Moins d’une demi-heure plus tard elle était sur les lieux, vêtue de sa tenue stérile pour ne pas polluer la scène de crime. Ce n’était pas beau à voir. Le tueur s’était acharné sur sa victime. Il lui fallait pourtant procéder aux divers prélèvements que nécessitait la procédure habituelle. Et c’est là qu’elle découvrit un corps étranger dans la bouche du cadavre. Il ne fallait pas être invasif mais elle finit par l’extraire avec mille précautions. Et là, elle dut faire un effort considérable pour ne pas laisser la panique la dominer. Car, une fois qu’elle eut l’objet sous les yeux, un titre de la presse locale lui revint en tête :

Le tueur d’Agen dépose un pruneau séché dans la bouche de ses victimes.

Et c’est ce qu’elle avait dans sa pince.

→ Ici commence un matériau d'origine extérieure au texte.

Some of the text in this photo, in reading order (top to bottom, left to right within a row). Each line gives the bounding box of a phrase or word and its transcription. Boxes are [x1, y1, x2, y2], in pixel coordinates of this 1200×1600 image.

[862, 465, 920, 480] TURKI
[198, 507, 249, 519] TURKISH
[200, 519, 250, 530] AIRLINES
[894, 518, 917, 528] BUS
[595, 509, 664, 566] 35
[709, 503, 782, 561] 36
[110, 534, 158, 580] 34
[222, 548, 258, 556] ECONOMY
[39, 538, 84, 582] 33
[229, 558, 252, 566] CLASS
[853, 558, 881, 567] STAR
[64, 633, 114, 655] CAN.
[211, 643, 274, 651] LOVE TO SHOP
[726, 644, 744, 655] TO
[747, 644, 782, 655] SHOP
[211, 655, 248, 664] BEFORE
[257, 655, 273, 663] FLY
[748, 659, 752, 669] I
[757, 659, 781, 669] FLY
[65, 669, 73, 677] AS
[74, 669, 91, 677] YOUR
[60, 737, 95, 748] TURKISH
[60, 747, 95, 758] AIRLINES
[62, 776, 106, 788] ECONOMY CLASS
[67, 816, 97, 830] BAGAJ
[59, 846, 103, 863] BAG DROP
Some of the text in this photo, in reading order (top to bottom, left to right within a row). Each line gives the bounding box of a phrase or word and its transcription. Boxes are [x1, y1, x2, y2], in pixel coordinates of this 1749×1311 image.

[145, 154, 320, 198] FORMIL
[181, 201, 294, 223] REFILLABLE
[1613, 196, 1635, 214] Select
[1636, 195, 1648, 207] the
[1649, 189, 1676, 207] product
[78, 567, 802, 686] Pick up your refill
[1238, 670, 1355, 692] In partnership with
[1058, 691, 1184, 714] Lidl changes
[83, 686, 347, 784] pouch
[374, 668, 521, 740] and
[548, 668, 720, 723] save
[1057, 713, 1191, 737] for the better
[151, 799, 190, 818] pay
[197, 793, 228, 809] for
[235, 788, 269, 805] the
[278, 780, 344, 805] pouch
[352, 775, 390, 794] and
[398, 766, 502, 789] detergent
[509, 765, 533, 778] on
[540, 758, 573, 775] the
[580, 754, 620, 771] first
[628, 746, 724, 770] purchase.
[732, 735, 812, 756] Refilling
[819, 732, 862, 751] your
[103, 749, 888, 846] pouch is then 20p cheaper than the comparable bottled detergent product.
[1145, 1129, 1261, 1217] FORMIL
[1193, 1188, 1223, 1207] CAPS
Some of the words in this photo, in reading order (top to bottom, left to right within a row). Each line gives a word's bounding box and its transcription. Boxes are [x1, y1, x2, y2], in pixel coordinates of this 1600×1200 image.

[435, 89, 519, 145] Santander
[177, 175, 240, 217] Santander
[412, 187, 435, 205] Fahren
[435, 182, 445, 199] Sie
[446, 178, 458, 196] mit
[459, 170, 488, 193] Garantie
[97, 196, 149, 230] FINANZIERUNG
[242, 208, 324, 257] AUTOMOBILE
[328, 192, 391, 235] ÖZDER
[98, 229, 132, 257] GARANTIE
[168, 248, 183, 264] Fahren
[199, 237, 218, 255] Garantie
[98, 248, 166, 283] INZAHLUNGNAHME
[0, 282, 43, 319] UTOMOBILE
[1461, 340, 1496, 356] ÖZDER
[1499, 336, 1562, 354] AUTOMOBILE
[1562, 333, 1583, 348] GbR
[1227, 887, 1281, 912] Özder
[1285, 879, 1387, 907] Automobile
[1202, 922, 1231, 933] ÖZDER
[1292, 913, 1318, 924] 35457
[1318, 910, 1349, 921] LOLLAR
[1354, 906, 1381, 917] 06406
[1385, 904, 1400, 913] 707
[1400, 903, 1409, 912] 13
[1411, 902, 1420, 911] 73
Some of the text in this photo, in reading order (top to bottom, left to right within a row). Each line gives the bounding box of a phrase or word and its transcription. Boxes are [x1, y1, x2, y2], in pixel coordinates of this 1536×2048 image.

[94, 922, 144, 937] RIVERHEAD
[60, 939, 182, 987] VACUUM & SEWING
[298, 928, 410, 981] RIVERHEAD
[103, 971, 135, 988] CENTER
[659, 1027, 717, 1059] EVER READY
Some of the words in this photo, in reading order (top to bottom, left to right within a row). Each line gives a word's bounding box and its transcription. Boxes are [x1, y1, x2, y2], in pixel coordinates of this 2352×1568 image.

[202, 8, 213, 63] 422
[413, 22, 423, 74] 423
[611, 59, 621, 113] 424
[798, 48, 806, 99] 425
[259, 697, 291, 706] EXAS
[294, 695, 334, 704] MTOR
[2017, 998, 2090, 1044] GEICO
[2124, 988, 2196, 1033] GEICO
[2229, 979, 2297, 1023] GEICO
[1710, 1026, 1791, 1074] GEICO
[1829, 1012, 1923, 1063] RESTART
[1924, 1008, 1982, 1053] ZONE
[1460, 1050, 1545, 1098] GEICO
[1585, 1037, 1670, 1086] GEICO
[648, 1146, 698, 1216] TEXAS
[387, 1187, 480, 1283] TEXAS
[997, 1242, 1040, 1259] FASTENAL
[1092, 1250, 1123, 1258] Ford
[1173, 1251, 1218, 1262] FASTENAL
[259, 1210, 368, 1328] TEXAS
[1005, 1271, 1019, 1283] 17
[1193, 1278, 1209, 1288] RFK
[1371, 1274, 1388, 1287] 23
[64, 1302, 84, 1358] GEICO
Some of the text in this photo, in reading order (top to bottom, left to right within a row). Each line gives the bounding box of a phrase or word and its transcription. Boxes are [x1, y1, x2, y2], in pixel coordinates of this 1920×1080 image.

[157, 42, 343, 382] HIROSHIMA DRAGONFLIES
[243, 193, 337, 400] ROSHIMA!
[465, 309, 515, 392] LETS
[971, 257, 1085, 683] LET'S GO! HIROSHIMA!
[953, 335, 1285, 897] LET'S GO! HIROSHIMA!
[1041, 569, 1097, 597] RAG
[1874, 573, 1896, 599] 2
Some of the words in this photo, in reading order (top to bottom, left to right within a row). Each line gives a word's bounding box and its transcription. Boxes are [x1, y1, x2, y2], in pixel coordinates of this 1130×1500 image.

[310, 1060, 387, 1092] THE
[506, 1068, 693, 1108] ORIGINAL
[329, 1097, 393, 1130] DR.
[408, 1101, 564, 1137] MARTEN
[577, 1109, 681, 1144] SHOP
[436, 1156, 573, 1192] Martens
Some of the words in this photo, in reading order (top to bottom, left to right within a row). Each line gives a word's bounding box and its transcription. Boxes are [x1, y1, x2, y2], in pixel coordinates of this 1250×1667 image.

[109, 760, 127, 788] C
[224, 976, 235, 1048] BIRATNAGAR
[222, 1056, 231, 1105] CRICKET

Ce qu’elle avait eu tout autour d’elle quand elle avait ouvert les yeux. Et ce souvenir qui lui revenait de la façon qu’il avait eue de la questionner sur sa vie, sa personne, tout quoi. Elle l’avait pris pour de l’intérêt. Ce n’était que le jeu d’un fauve avec sa proie. Elle avait été à la merci de ce criminel toute la soirée ainsi qu’une grande partie de la nuit et s’était même endormie auprès de lui. Elle avala péniblement sa salive. A bien y repenser,  elle l’avait échappé belle. Si elle avait su…

Et elle avait effacé toutes les trace d’ADN qu’il avait pu laisser sur son corps. Sans compter qu’il avait dû “nettoyer”  la chambre et que les femmes de ménage avaient probablement fait le reste à cette heure. L’’enquête allait être difficile. Mais elle se jura qu’elle ferait tout son possible pour qu’il soit capturé. Son métier était de faire parler les cadavres. Celui qu’elle avait sous les yeux serait, elle l’espérait, sa dernière victime.